SQL Query Logging
The SQL Log page shows the most recent queries received by the account database, with some context information for each.
The logging is enabled by default, and can be disabled and re-enabled on demand from the Logging Manager page. Disabling the logging removes all query log records.
The log shows a summary page similar to this. Some elements of each entry may be truncated for list display.
When errors occur, those are represented in the log.
Clicking on the 'expand display' link will expand the display for that query log record, to include the full query (with scroll bars, as required) and all arguments, as below:
The log is trimmed to under 100 queries, in the default configuration. You can override the monitor.cleanup_sql_log function to replace it with your own preferred trimming functionality. This is not a trigger, as we try to leave PL/pgSQL optional, and plain SQL functions cannot be triggers. It is, instead, a plain old SQL function called by the RdbHost runtime. If you remove it, the cleanup will just fail silently. Disabling and re-enabling logging will serve to restore the lost cleanup function.
The log table is called 'sqllog', and is kept in a schema called 'monitor' in your account database. You can use queries, either from RdbAdmin or from your choice of clients to manipulate the log entries or do statistics as you wish. You can even disable trimming and allow queries to accumulate forever. The log is in your account though, so it is billable space usage.
Log Entry Elements
The elements of each query entry in the log are listed and described here:
- The query is truncated to 1024 characters in the list view, and displayed complete in the popup view; The arguments are not interpolated for display, but are displayed separately
- The arguments are shown individually, complete if brief, truncated if not, and binary data is represented as the phrase 'BINARY'. The list view shows 3 or 4, and the complete view shows all.

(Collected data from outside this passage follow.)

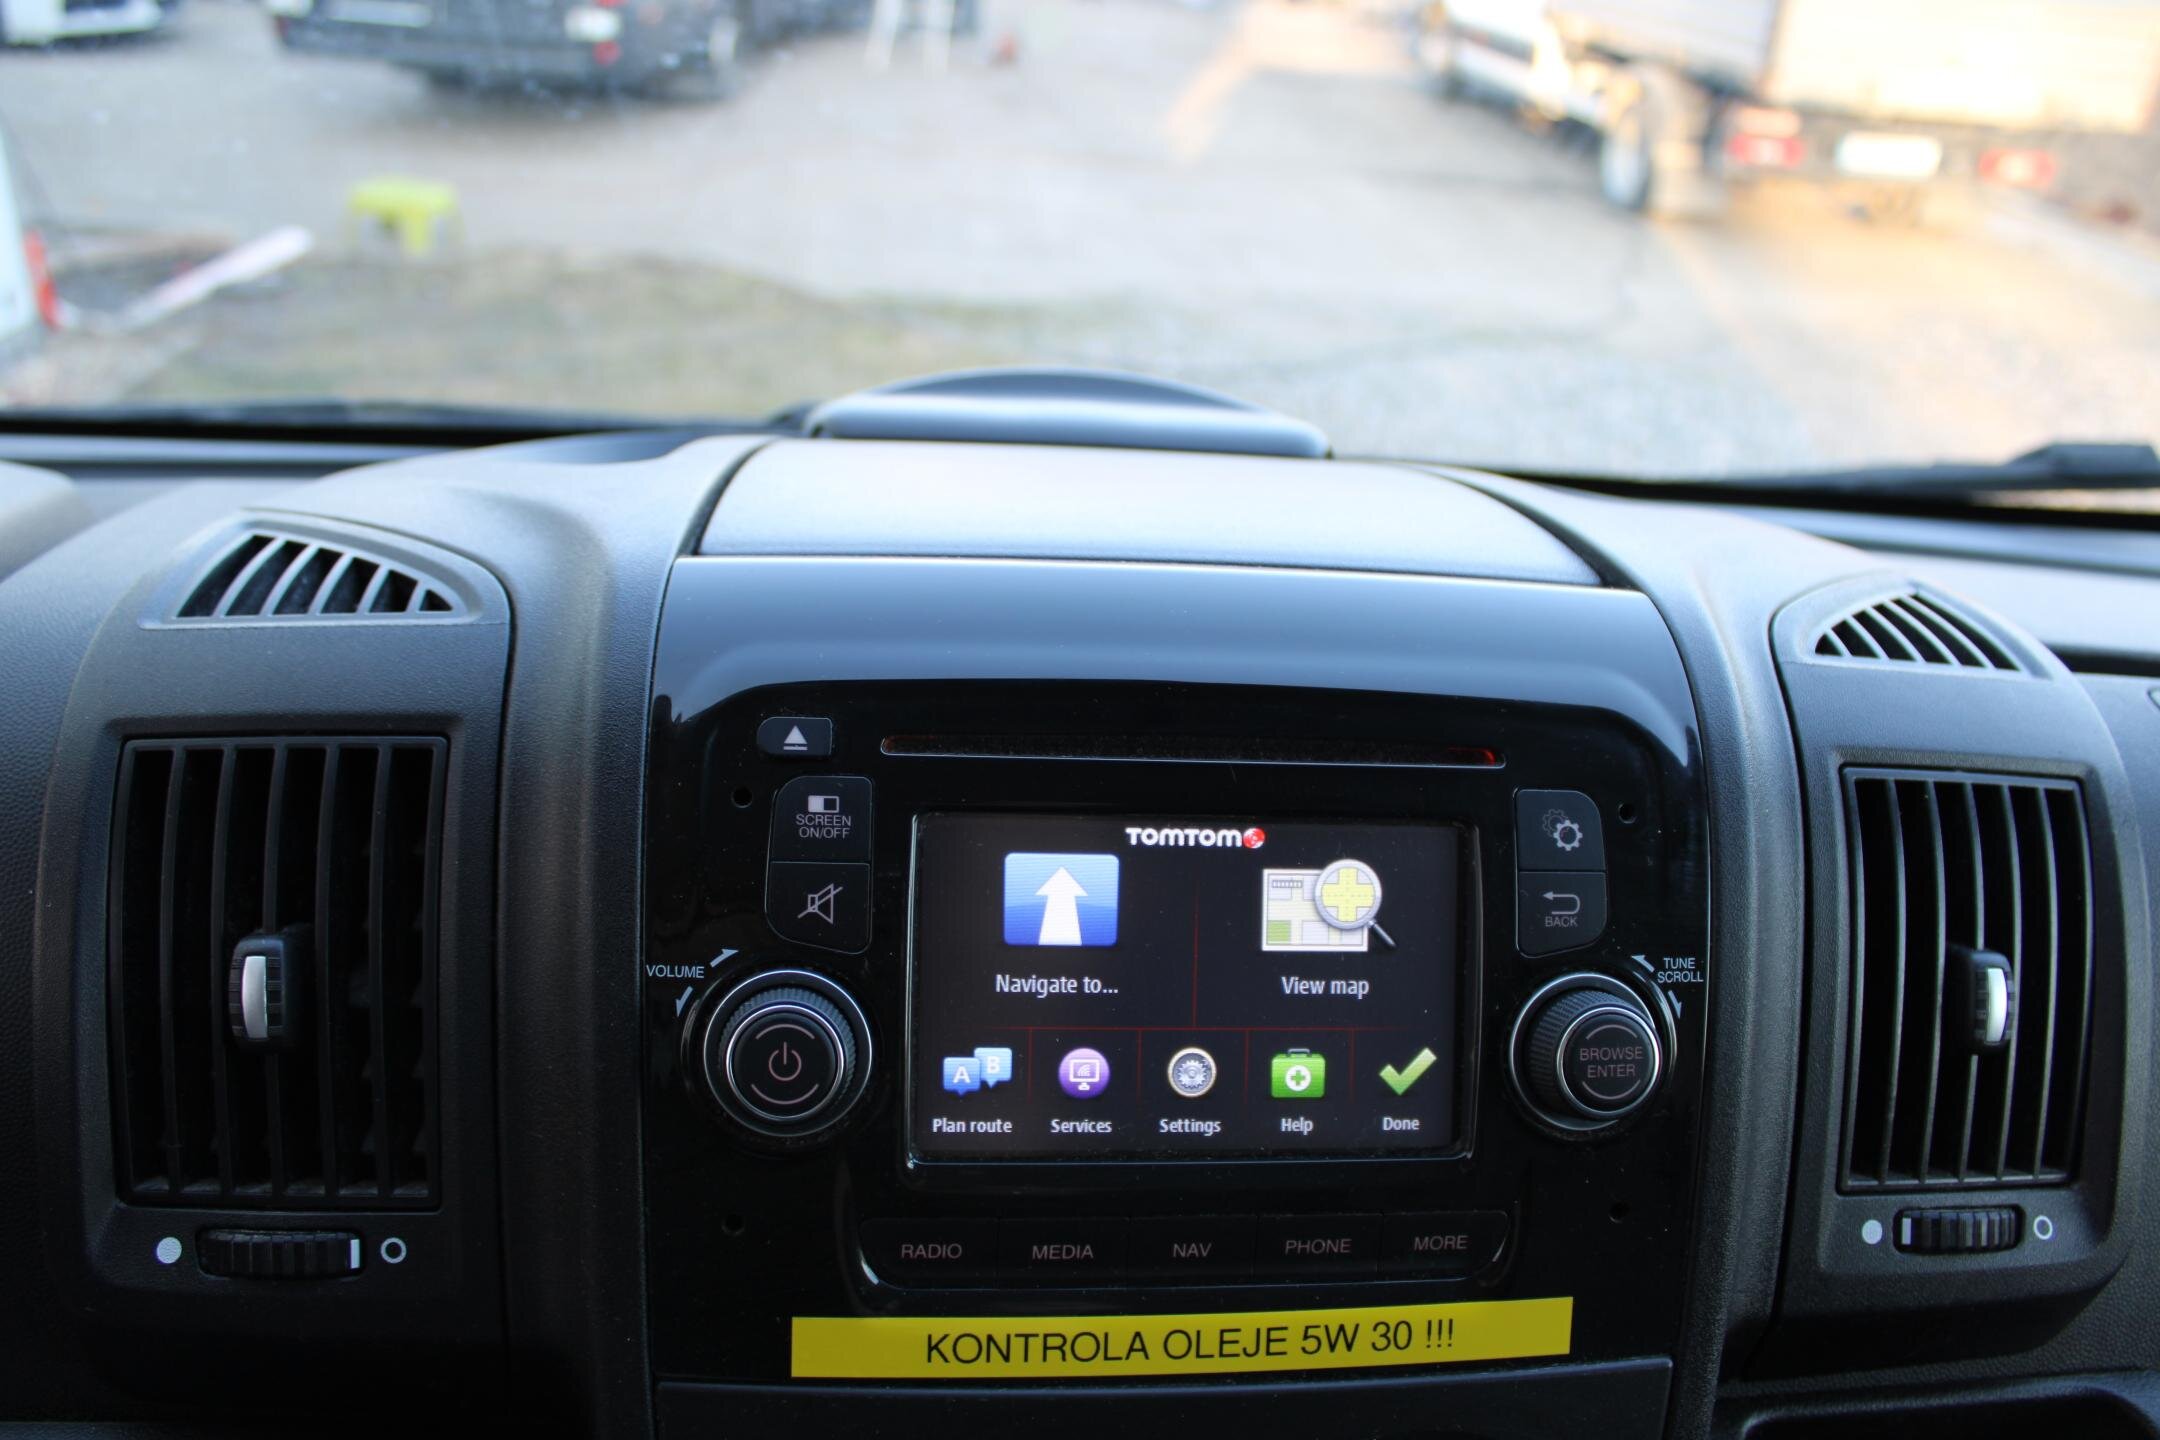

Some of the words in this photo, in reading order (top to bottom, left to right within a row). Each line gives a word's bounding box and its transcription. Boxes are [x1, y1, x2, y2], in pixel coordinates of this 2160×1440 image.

[796, 814, 851, 826] SCREEN
[799, 826, 850, 838] ON/OFF
[1545, 916, 1578, 928] BACK
[1663, 957, 1696, 970] TUNE
[646, 965, 704, 978] VOLUME
[1658, 970, 1704, 983] SCROLL
[996, 974, 1077, 997] Navigate
[1083, 977, 1118, 993] to...
[1282, 977, 1325, 994] View
[1330, 981, 1369, 999] map
[1580, 1047, 1643, 1061] BROWSE
[987, 1056, 1000, 1073] B
[1587, 1063, 1636, 1078] ENTER
[952, 1066, 971, 1083] A
[933, 1118, 966, 1132] Plan
[970, 1119, 1012, 1132] route
[1051, 1119, 1112, 1132] Services
[1160, 1119, 1221, 1136] Settings
[1281, 1117, 1313, 1135] Help
[1383, 1117, 1419, 1130] Done
[1285, 1239, 1351, 1254] PHONE
[1414, 1235, 1468, 1250] MORE
[902, 1244, 962, 1258] RADIO
[1033, 1245, 1093, 1259] MEDIA
[1173, 1243, 1211, 1257] NAV
[927, 1331, 1149, 1364] KONTROLA
[1163, 1327, 1288, 1360] OLEJE
[1301, 1323, 1359, 1355] 5W
[1371, 1321, 1412, 1352] 30
[1426, 1319, 1453, 1348] !!!
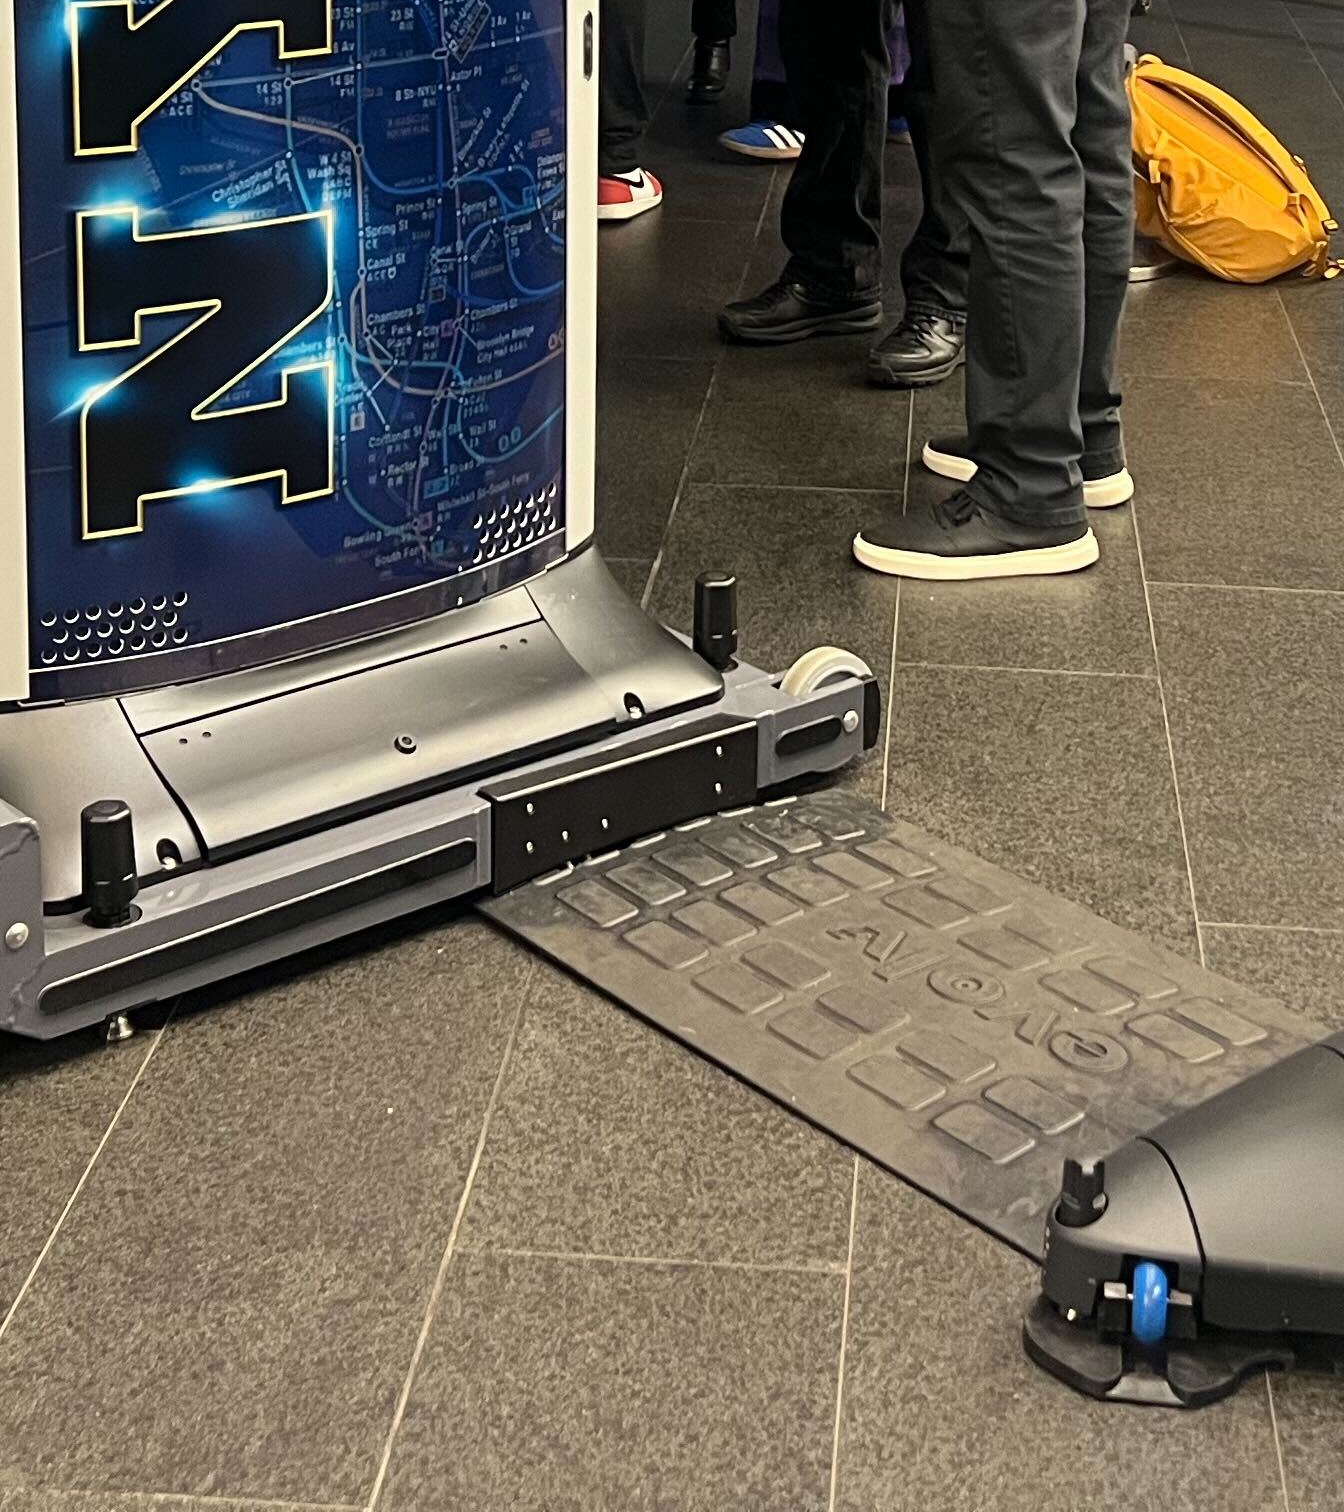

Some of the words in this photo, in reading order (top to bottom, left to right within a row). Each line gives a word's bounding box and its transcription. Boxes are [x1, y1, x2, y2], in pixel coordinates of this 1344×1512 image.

[212, 166, 273, 202] Christopher
[365, 224, 396, 238] Spring
[366, 257, 393, 270] Canal
[367, 308, 413, 325] Chambers
[826, 922, 1131, 1073] evolv
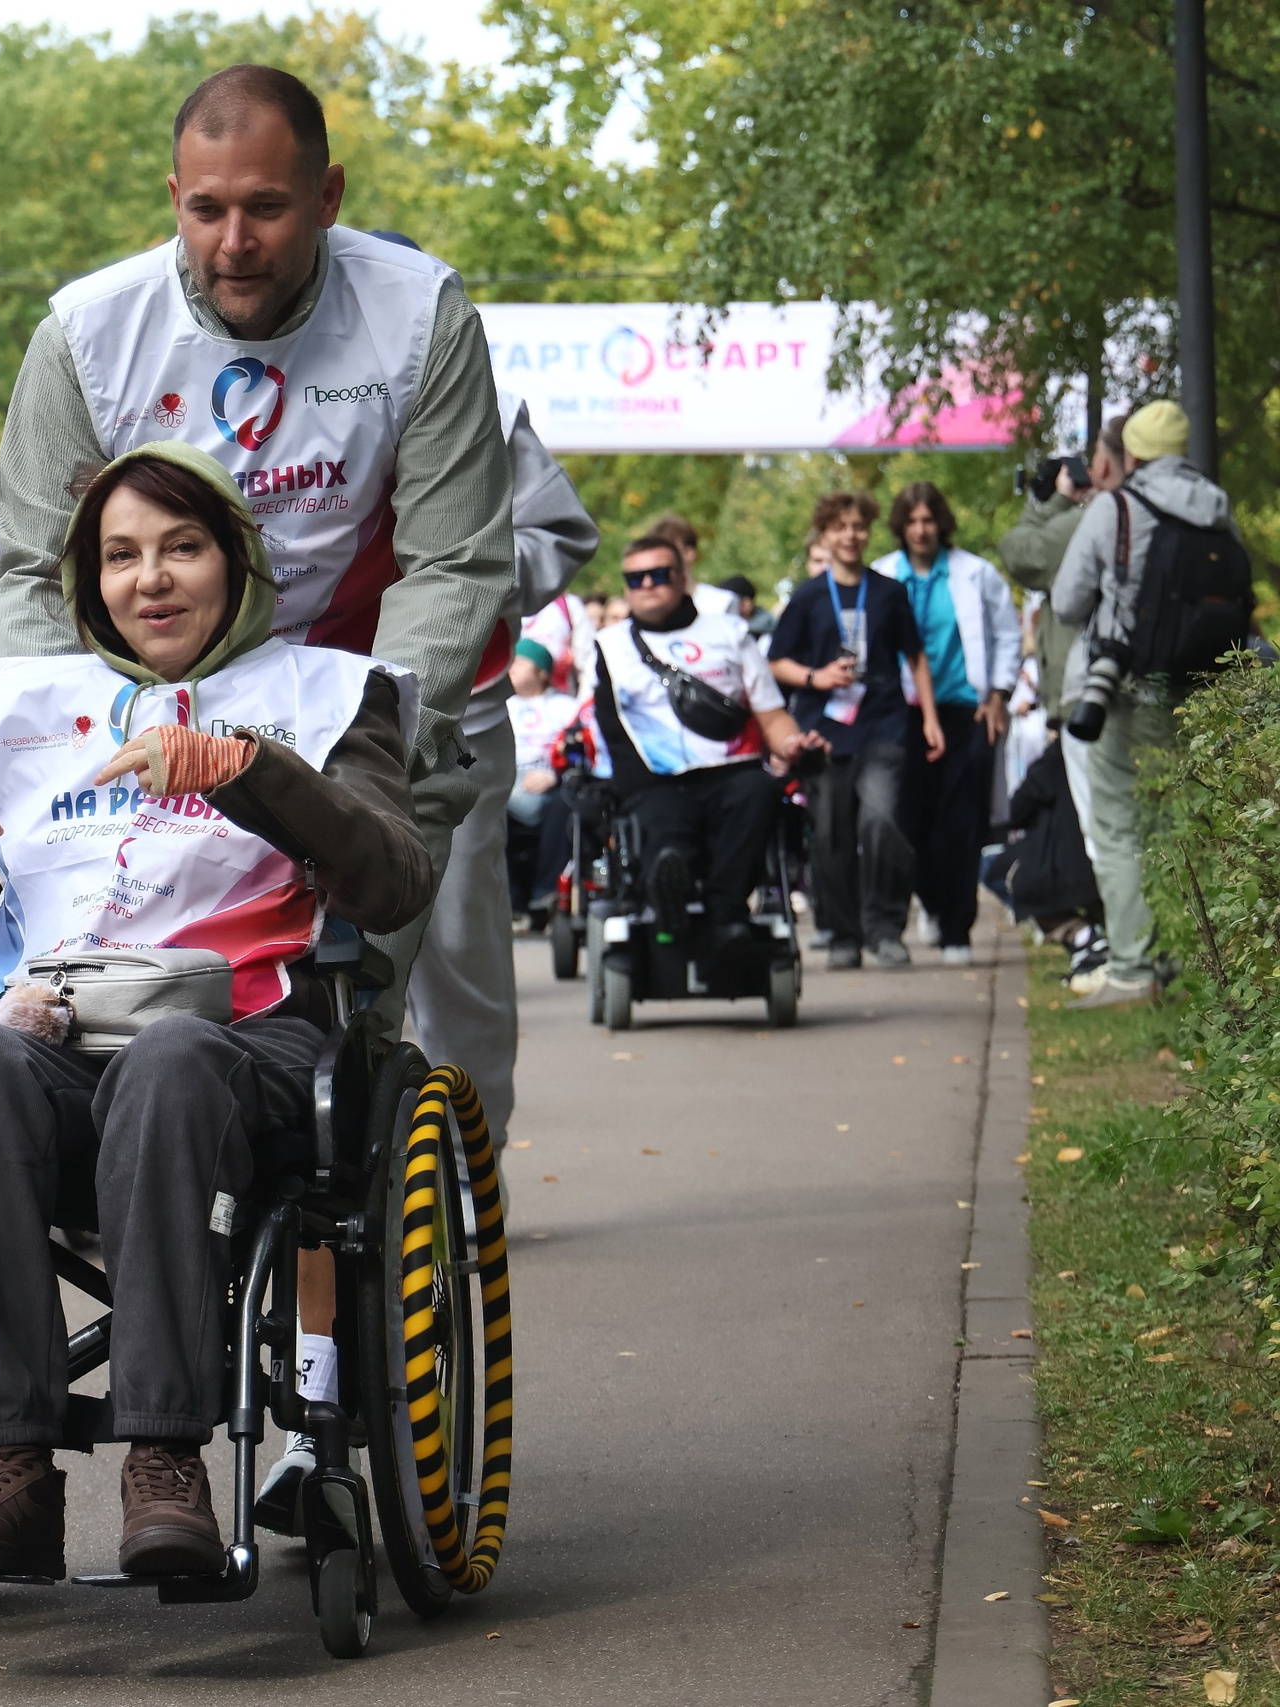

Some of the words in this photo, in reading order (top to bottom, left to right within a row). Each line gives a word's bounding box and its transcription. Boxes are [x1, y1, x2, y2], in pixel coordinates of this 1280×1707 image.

[488, 343, 590, 371] ТАРТ
[252, 494, 349, 515] ФЕСТИВАЛЬ
[272, 564, 318, 577] ЛЬНЫЙ
[51, 789, 97, 822] НА
[46, 822, 132, 845] СПОРТИВН
[131, 812, 229, 839] ФЕСТИВАЛЬ

- The time (GMT) that the query started. If the result is an error, the time will be the time of logging; an error causes the transaction to rollback, and rolling back loses the original timestamp insertion, as it was part of the transaction.
- This is 'OK' for successes, and an error message for errors. Any error message indicates the transaction failed, and no database change occurred. The list display changes for error results, to show more text.
- How many milliseconds query took to execute.
- The database role that executed the query (Super, Reader, Auth, Preauth, Global_reader).
- If the query was a keyword lookup, this is the keyword.
- The request-id submitted with the query (if any).
- Notices issued by PostgreSQL during the query.
- Notify messages emitted by NOTIFY statements during the query execution. These could be explicitly stated in the query, or in triggers invoked during execution.